Added to this are the increased costs due to the sharp rise in inflation over the last two years. This means that vacation costs for Japanese visitors to Hawaii have increased by more than 50%. The booking figures to date indicate that Japanese tourists will not be returning any time soon.
I believe that HA will remain unprofitable in the medium term due to the weak recovery in foreign tourism and increased competition. Over the past four years, the airline has suffered an accumulated loss of USD 1.15 billion. At the same time, HA’s net debt amounts to USD 1.1 billion. In this respect, a restructuring or bail-out is necessary sooner or later in my opinion, regardless of a possible takeover.
The takeover
Alaska Airlines intends to acquire HA at a price of USD 18.00 per share. This would provide access to the 25th largest US market, with Honolulu serving as the second-largest hub for ALK. This opens up growth opportunities in the Asia-Pacific region, one of the fastest-growing markets in the world. Alaska Airlines’ willingness to pay the generous 270% premium is related to uncertainties investors currently have about its future source of growth.

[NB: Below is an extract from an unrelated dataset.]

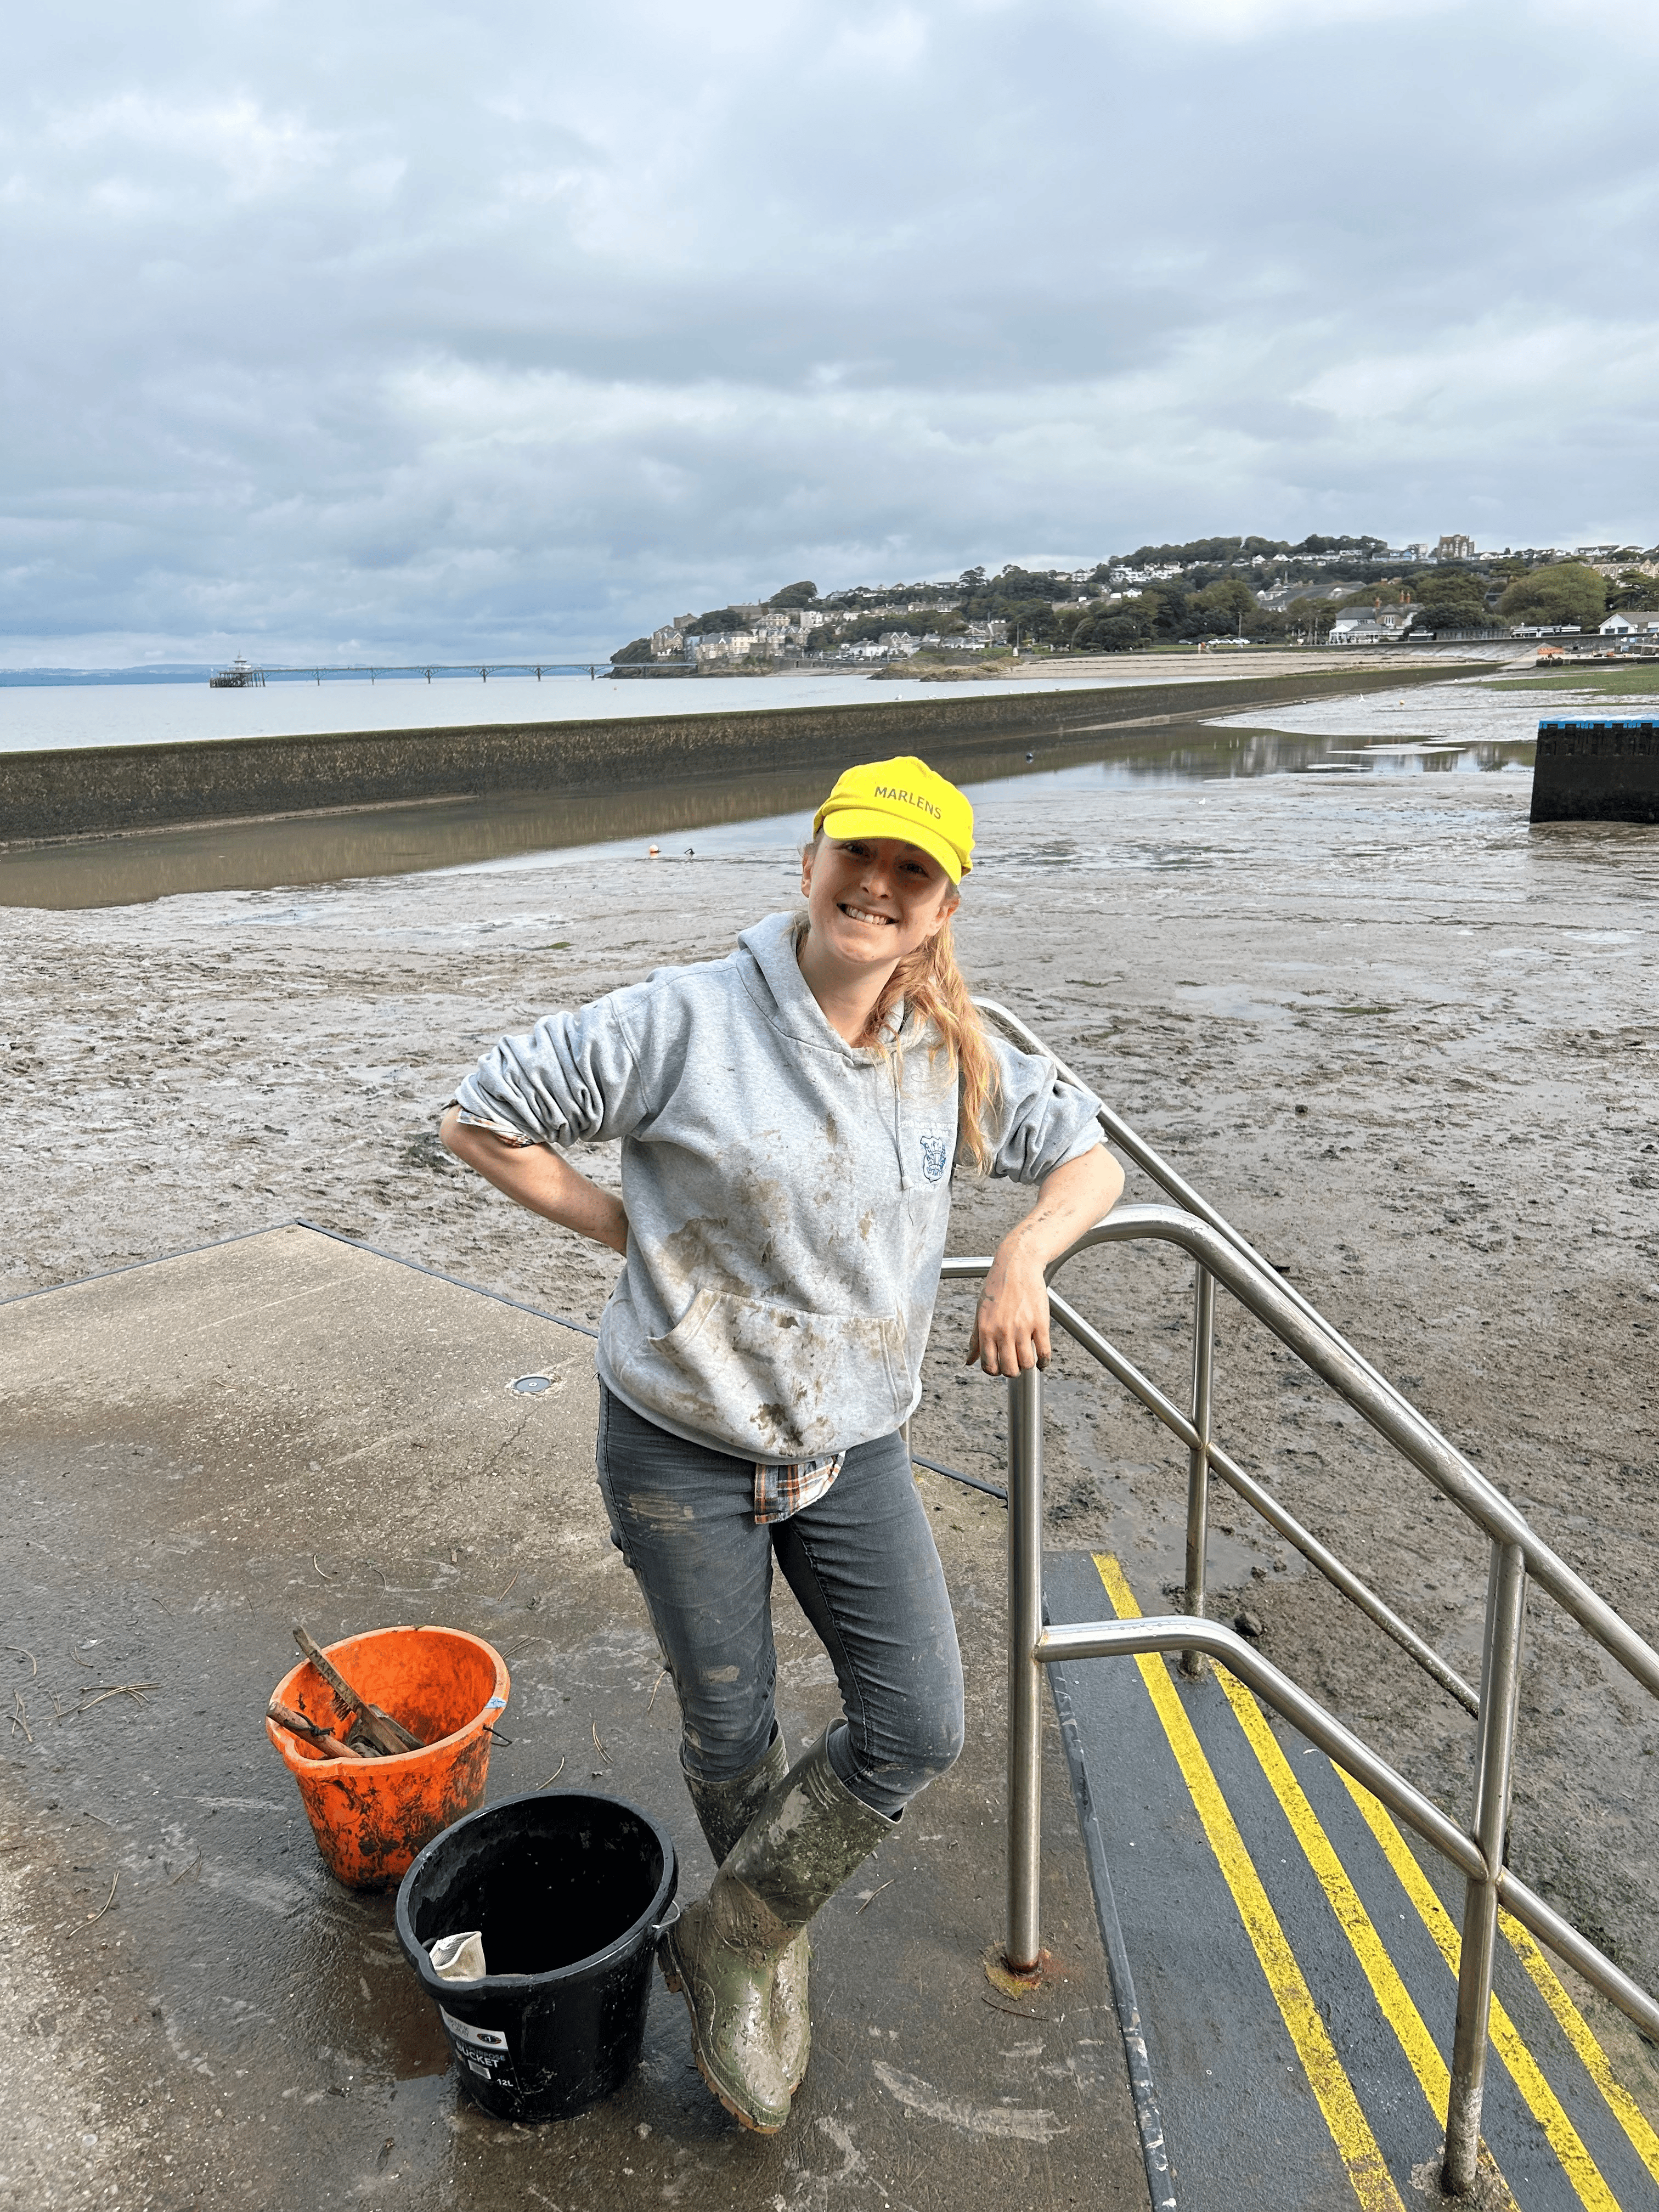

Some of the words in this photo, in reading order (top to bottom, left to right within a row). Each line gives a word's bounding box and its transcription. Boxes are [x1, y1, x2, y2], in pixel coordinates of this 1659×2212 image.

[874, 786, 942, 820] MARLENS
[456, 2041, 499, 2068] BUCKET
[496, 2079, 514, 2087] 12L

However, the takeover is still subject to regulatory approval, which is by no means certain. The responsible authority, the Department of Justice, has already shown under US President Joe Biden that it is inclined to block airline takeovers and prevent further consolidation in the industry. Recently, the DOJ halted the merger between JetBlue Airways and Spirit Airlines, which could serve as a precedent for the HA takeover.

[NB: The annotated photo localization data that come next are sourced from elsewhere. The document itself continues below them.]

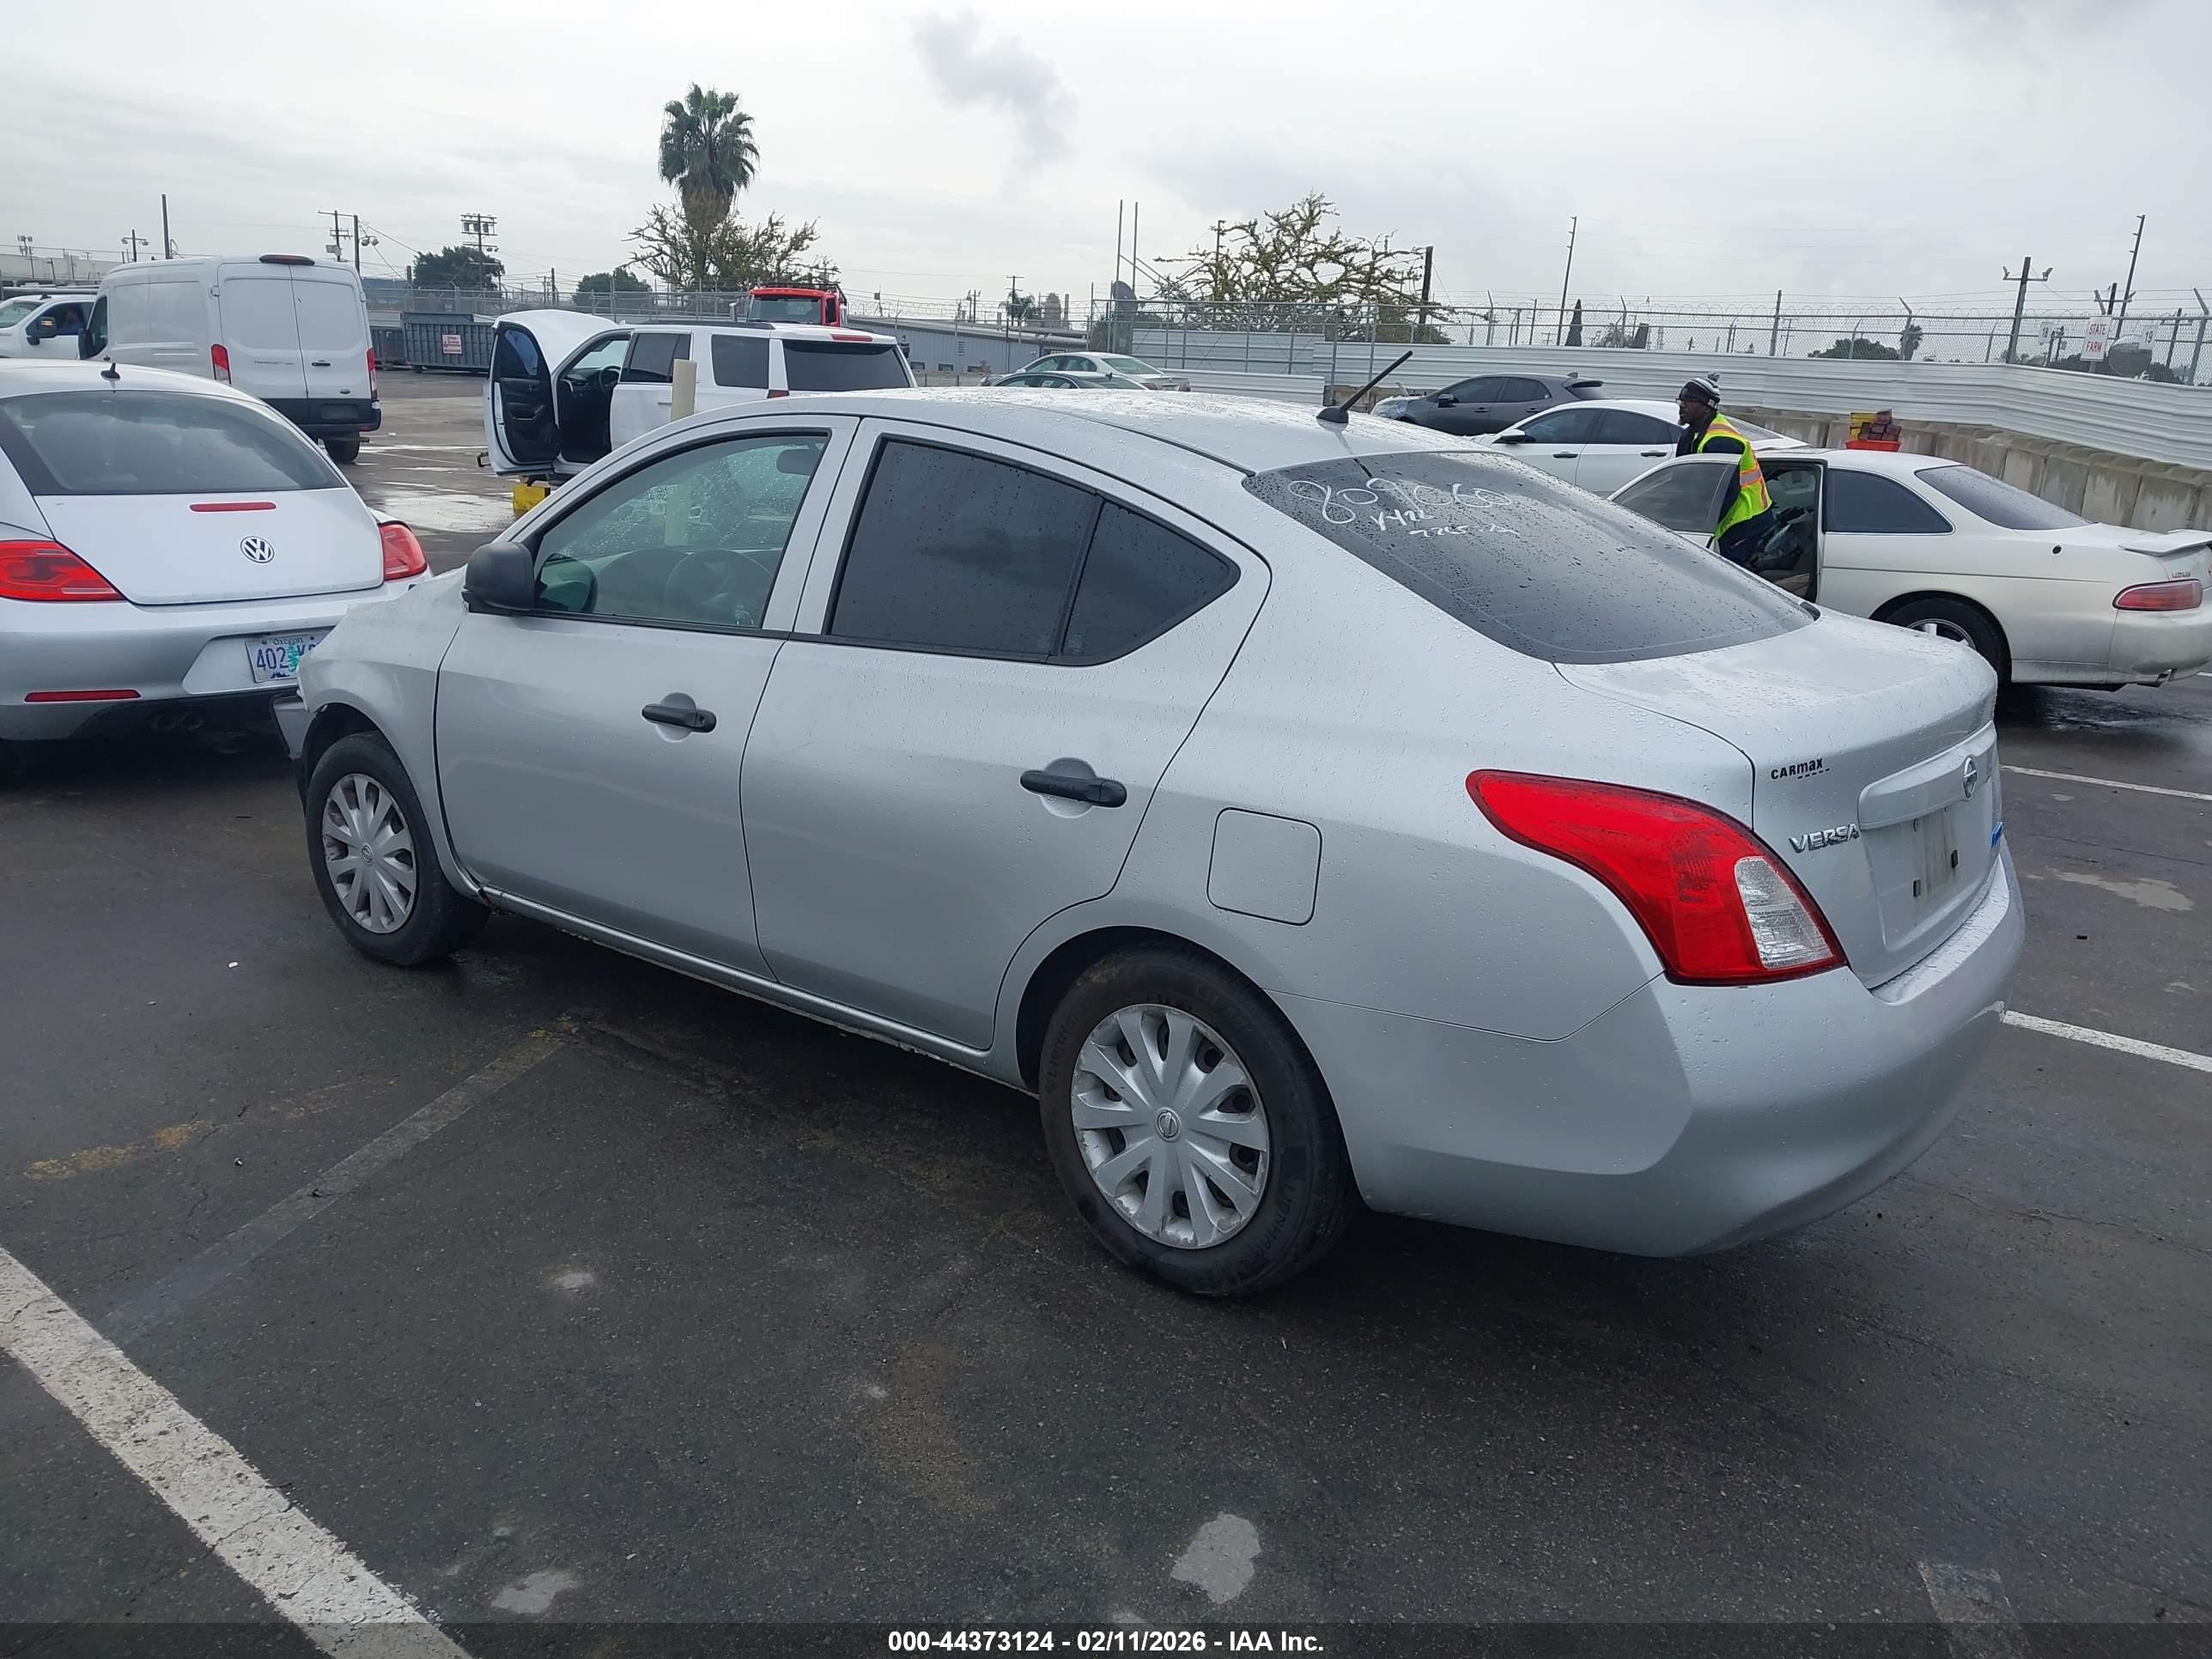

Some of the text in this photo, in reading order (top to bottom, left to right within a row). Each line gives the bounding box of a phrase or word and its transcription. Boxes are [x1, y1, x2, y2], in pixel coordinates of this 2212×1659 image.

[2042, 326, 2049, 339] 18
[2088, 323, 2107, 336] STATE
[2145, 330, 2154, 343] 19
[2087, 341, 2102, 353] FARM
[272, 636, 304, 646] Oregon
[257, 647, 289, 671] 402
[1788, 823, 1861, 854] VERSA

The route overlap between Hawaii and the US mainland is 43% for HA and ALK. Hawaiian Holdings and Alaska Airlines are currently the second and third-largest carriers on these routes in terms of seat capacity, behind United Airlines. A successful merger would put the combined company clearly in the lead with a market share of around 40%.

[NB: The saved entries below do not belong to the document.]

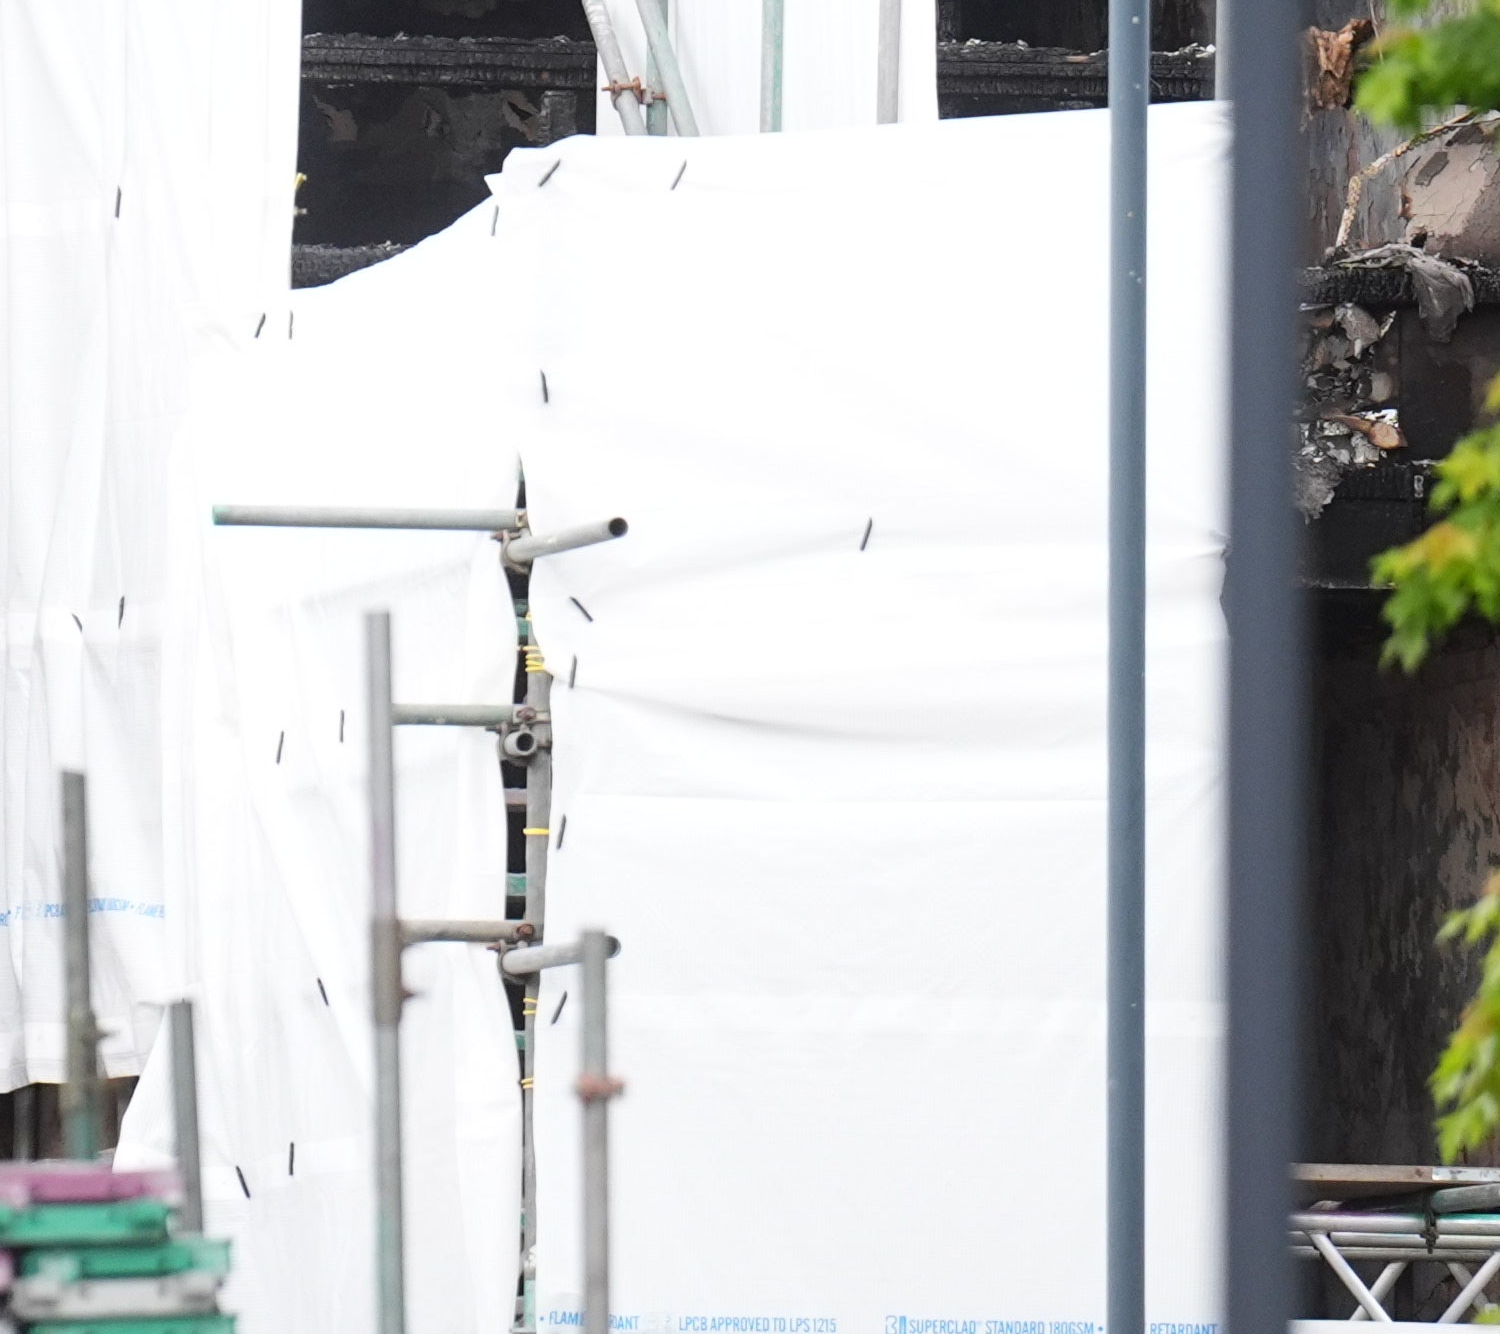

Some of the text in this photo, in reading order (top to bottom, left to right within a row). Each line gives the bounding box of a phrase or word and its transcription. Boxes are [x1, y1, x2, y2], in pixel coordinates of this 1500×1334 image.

[679, 1316, 707, 1331] LPCB
[710, 1317, 769, 1332] APPROVED
[773, 1317, 786, 1332] TO
[789, 1318, 810, 1333] LPS
[812, 1318, 837, 1333] 1215

The takeover price is USD 18.00 per share, while we set the break price (the theoretical price in the event of unsuccessful negotiations) at USD 4.00 – roughly the price prior to the announcement of the planned takeover. The share is currently trading at USD 14.00, which represents an upside of around 29% and a downside of around 71%. The resulting risk/reward ratio for the short seller is almost 2.5x. This also implies that the stock market assumes that the takeover will take place with a probability of 71.4% (PSUC: probability of success).
The market should have adjusted, especially after the JetBlue/Spirit merger was blocked, but the current share price shows little change. We believe that the probability of a successful HA/ALK merger is less than 50%. If the market were to price this in correctly, the share price should currently be at USD 11.00, some 21% below current levels. At these prices, I would reduce the short positions, as the risk/reward ratio would no longer be so attractive. Until then, I am holding the short position until the DOJ’s decision.
Risks
There is a risk that the DOJ will approve the takeover and the shareholders will receive USD 18.00 per share held.
Another risk is an improvement in the fundamental situation and the balance sheet situation. This would lead to a deterioration in the risk/reward ratio for short sellers in this situation. However, I only see such a scenario as likely if competition is leaving the Hawaiian market. At present, however, I do not expect this to happen in the next twelve to 18 months.